PAG. 4
ROSARIO ROBLES ENCABEZA NUEVA RED CIUDADANA DE ALEJANDRO
MORENO
POR LA REDACCIÓN
PACHUCA, HGO., 20 DE MARZO DE 2026
En la antesala de las elecciones de 2027, el Partido Revolucionario
Institucional (PRI) ha decidido jugar una carta conocida: la reactivación
de figuras del pasado como parte de su intento por reconstruirse frente
al dominio del oficialismo. Por lo que “ALITO Moreno dijo traigan a
Chayito” El nombramiento de Rosario Robles como Coordinadora
Nacional de la Red Ciudadana para la Defensa de México, anunciado por
Alejandro “Alito” Moreno, no es un movimiento aislado, sino una señal
clara de la ruta que el tricolor pretende seguir.
El regreso de Robles a la escena pública es, en sí mismo, un hecho
cargado de simbolismo.
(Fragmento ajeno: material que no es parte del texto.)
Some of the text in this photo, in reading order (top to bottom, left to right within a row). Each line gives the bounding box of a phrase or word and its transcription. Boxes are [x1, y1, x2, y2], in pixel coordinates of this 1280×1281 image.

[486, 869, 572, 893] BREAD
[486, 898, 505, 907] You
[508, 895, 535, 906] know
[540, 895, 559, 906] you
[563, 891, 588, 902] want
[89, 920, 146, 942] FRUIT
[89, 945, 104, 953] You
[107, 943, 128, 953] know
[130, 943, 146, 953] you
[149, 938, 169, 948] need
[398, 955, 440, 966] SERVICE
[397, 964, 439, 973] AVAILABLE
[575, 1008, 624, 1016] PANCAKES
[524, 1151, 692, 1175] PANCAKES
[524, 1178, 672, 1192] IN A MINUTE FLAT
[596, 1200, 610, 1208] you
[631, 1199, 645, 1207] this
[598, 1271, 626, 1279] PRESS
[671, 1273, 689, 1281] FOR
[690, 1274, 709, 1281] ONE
Tras haber permanecido fuera de la política
desde 2019 debido a su proceso judicial vinculado a la llamada “Estafa
Maestra” del que fue absuelta en 2023, su reincorporación ocurre bajo el
argumento de una “apertura ciudadana” del PRI.
Sin embargo, más allá del discurso de inclusión, la designación
deja ver una estrategia de corte pragmático: reconstruir estructura
territorial con perfiles conocidos, capaces de operar políticamente y
movilizar bases sociales. La llamada red de “Defensores de México”
replica, en buena medida, el modelo organizativo impulsado por Morena,
lo que evidencia que la oposición no solo compite electoralmente, sino
también en narrativa y mecanismos de movilización.
El problema de fondo es otro. La apuesta por figuras polémicas
como Robles puede fortalecer la operación política, pero también reabre
heridas en la opinión pública. Su nombre sigue asociado a uno de los
mayores escándalos de corrupción del sexenio de Enrique Peña Nieto, lo
que complica el intento del PRI de reposicionarse como una alternativa
ética frente al oficialismo.
En ese sentido, el movimiento de “Alito” Moreno parece debatirse
entre dos necesidades contradictorias: por un lado, la urgencia de
competir con estructura y experiencia; por el otro, la necesidad de
renovar su imagen ante un electorado cada vez más crítico. El resultado,
al menos por ahora, es una estrategia híbrida que mezcla discurso
ciudadano con prácticas tradicionales del priismo.
La pregunta clave es si este reciclaje político será suficiente para
recuperar terreno. Los primeros indicios apuntan a que la oposición
busca adelantarse en la carrera electoral, reorganizando cuadros y
definiendo liderazgos con anticipación. Pero también evidencian una
limitación: la dificultad de construir nuevas figuras sin recurrir a los
mismos nombres que marcaron etapas anteriores.
Así, el nombramiento de Rosario Robles no solo es una decisión
interna del PRI; es un síntoma de la crisis más amplia de la oposición
mexicana. Una que, ante la falta de nuevos liderazgos sólidos, recurre al
pasado con la esperanza de disputar el futuro.